He published his first collection of about 250 etchings under the title A Collection of Two Hundred and Fifty Coloured Etchings: Descriptive of the Manners, Customs and Dresses of the Hindoos in Calcutta in 1796. More etchings followed in 1799. His etchings covered the castes and their professions, costumes, means of transportation, modes of smoking, fakirs, musical instruments, and festivals. The project was a financial failure. The reason for the failure may have been that according to the prevailing European artistic tastes of his time his drawings were too monotonous and somber in colour. The themes themselves appealed to the popular imagination, and Edward Orne, a publisher in London, published in 1807 without permission of Solvyns a successful pirate version, dedicated to the costumes, with redesigned prints in warmer colours.

After the failure of his project Solvyns returned to Europe in 1803.
Solvyns married the wealthy Mary Anne Greenwood, daughter of an English family residing in Ghent. The couple had three children. Their youngest son Hendrik (Henri) Solvyns acquired fame as a Belgian diplomat and was later ennobled.
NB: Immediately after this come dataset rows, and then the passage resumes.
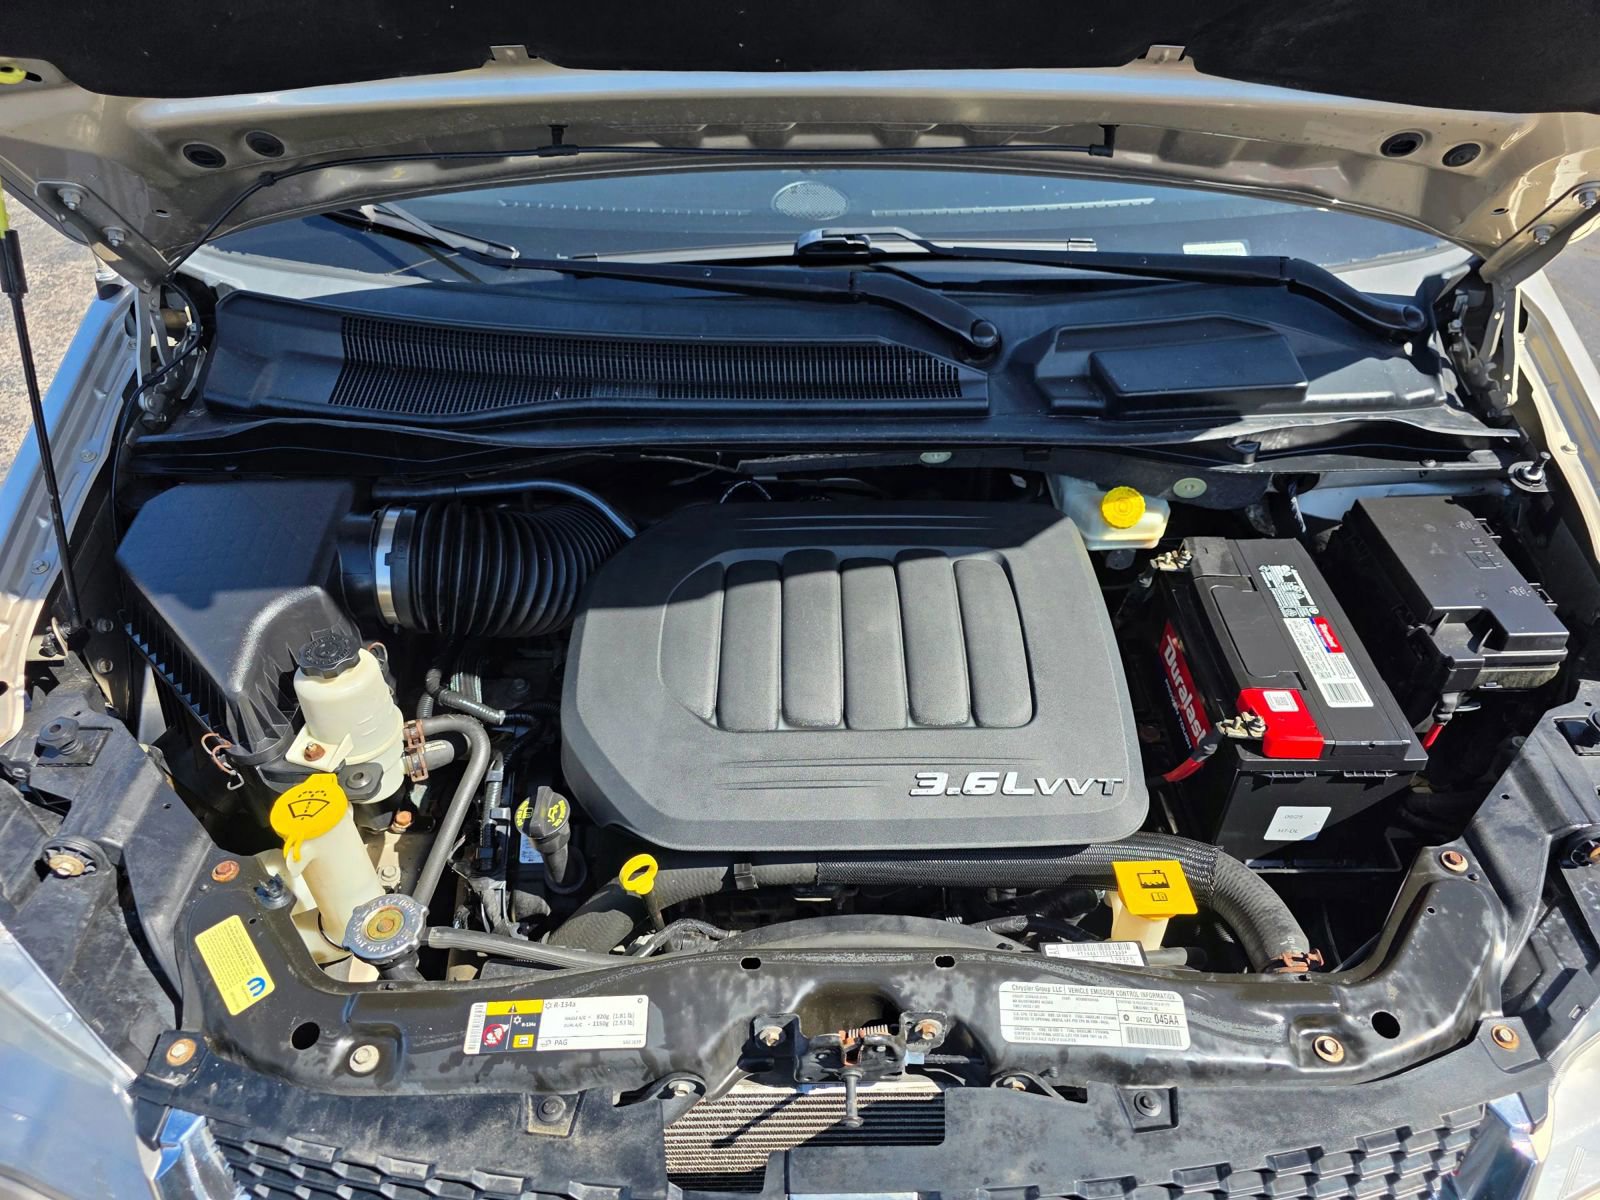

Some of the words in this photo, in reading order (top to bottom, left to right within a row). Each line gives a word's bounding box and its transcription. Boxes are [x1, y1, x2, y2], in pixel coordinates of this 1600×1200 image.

[1164, 635, 1207, 745] Duralast
[1012, 984, 1034, 992] Chrysler
[1068, 987, 1089, 995] VEHICLE
[1140, 992, 1176, 1000] INFORMATION
[1154, 1014, 1179, 1025] 045AA
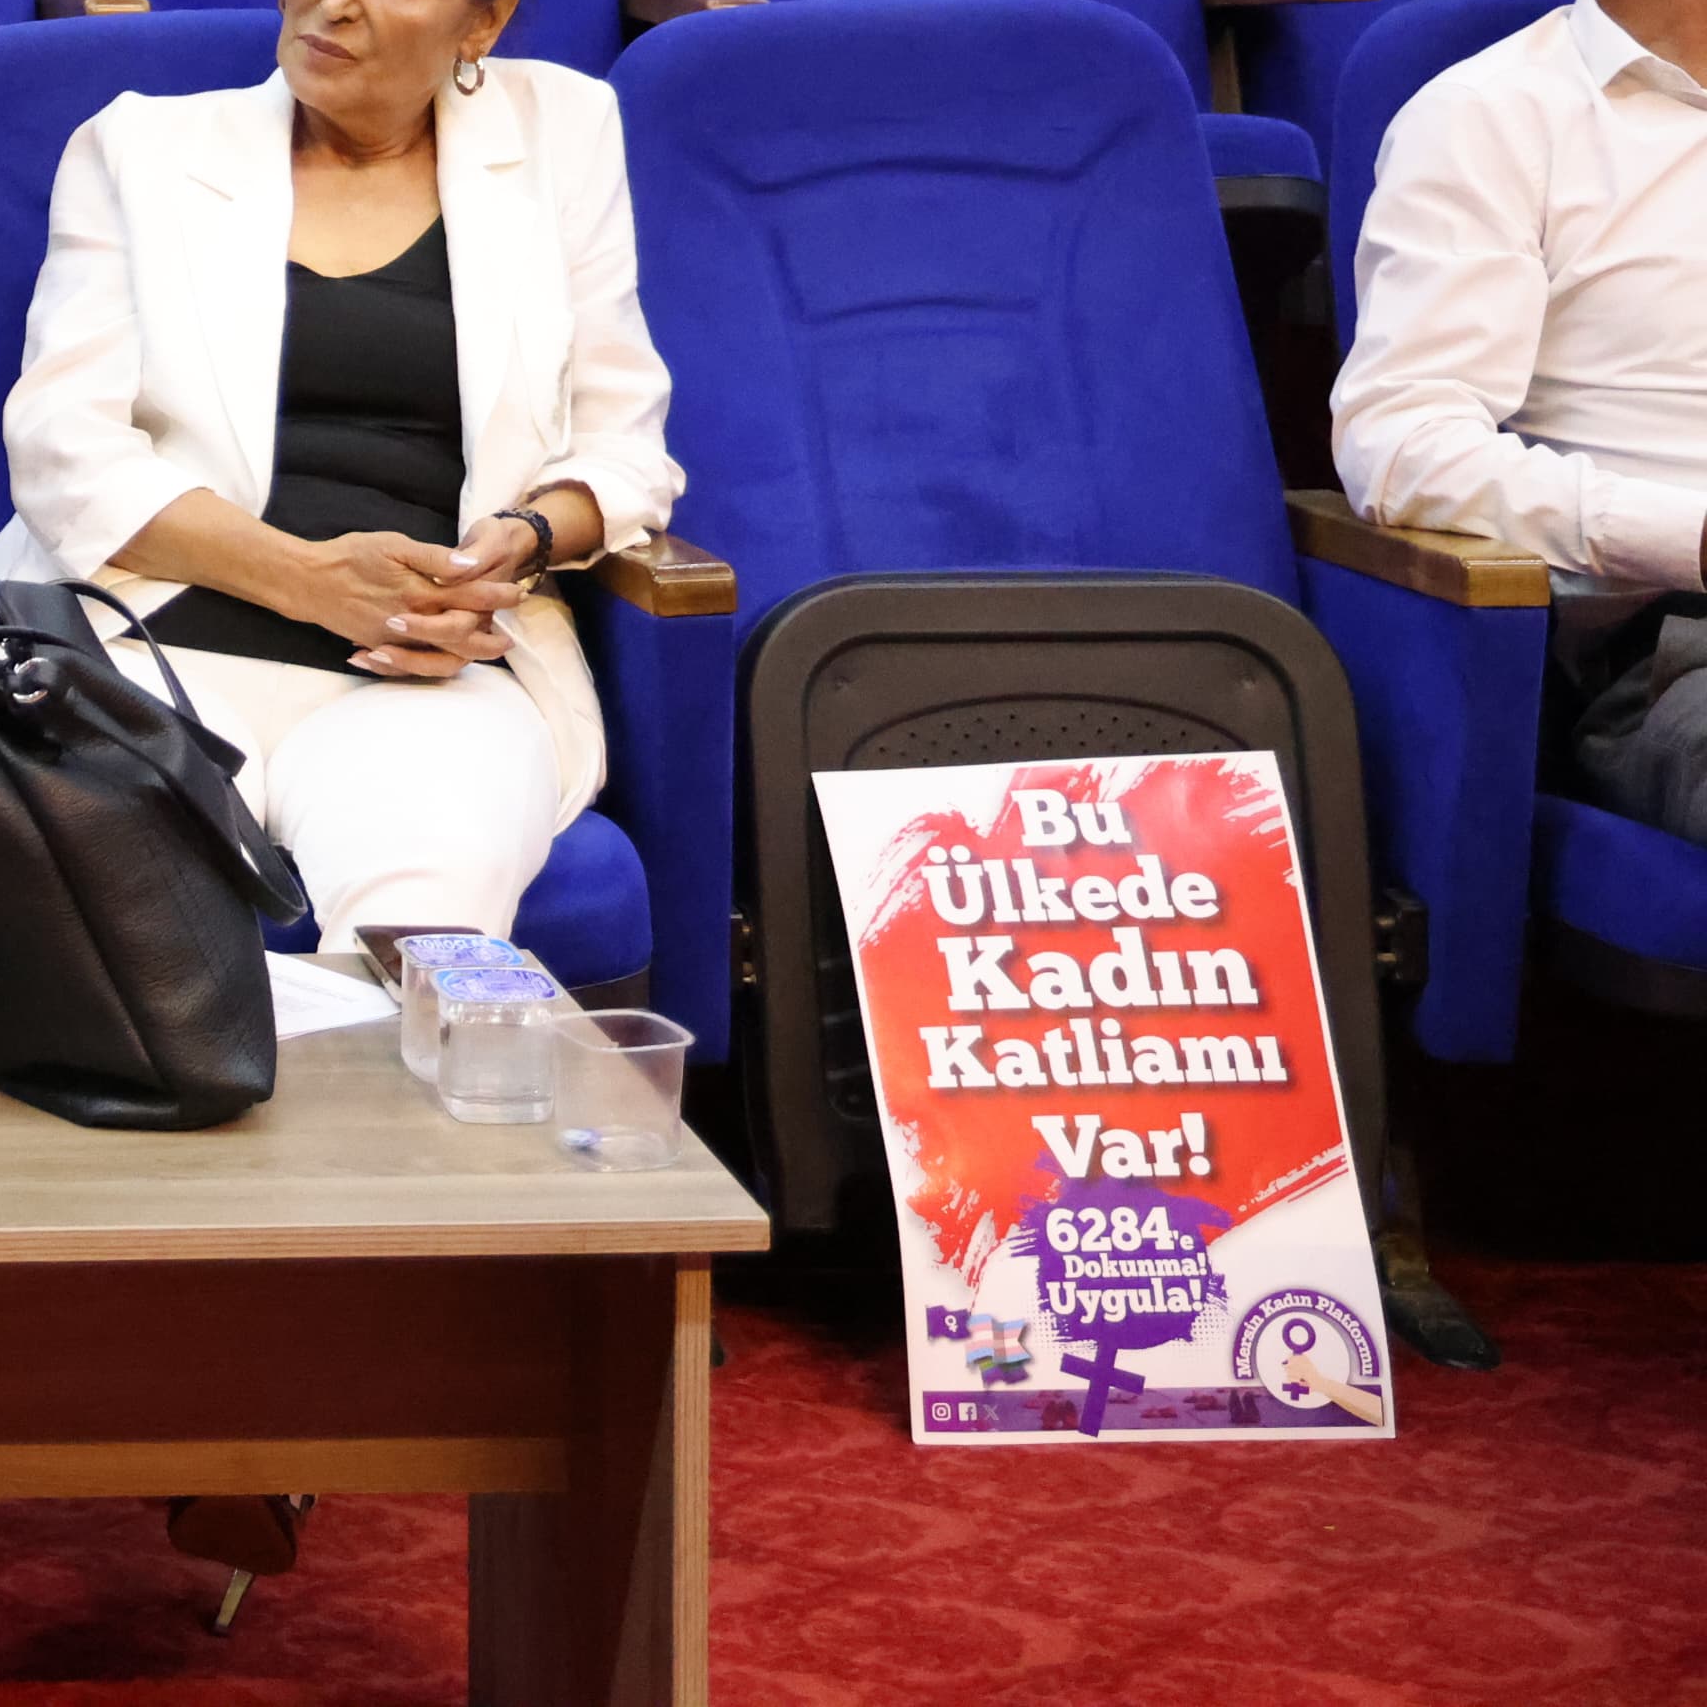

In France, he reworked his etchings for a bilingual French/English edition (translated into English by his wife) entitled Les Hindous, which was published in Paris in four volumes between 1808 and 1812 with the financial assistance of his wife. The publication comprised 48 parts with a total of 288 colour-printed plates, all finished by hand. This publication was again a commercial failure possibly as a result of the unrest caused by the Napoleonic Wars, its high cost of production and the lack of interest among the local populace. The publication was to become an influential model for the so-called 'Company style' of Indian painting in the 19th century with its drawings of 'occupations' for the British serving in India.

After the Kingdom of the Netherlands, which included the former Austrian Netherlands, was formed in 1814 Solvyns returned to his birthplace Antwerp. William I of the Netherlands appointed him Captain of the Port in recognition of his accomplishments as an artist. Solvyns died in Antwerp on 10 October 1824.

==Works==
- A Collection of Two Hundred and Fifty Coloured Etchings: Descriptive of the Manners, Customs and Dresses of the Hindoos, Calcutta, 1796, 1799.
- A Catalogue of 250 Coloured Etchings; Descriptive of the Manners, Customs, Character, Dress, and Religious Ceremonies of the Hindoos, Calcutta: Mirror Press, 1799 (a 28 page-brochure).
- Les Hindoûs, 4 vols. Paris: Chez L'Auteur, 1808–1812.
- The Costume of Indostan [pirated edition], London: Edward Orme [1804-05], 1807.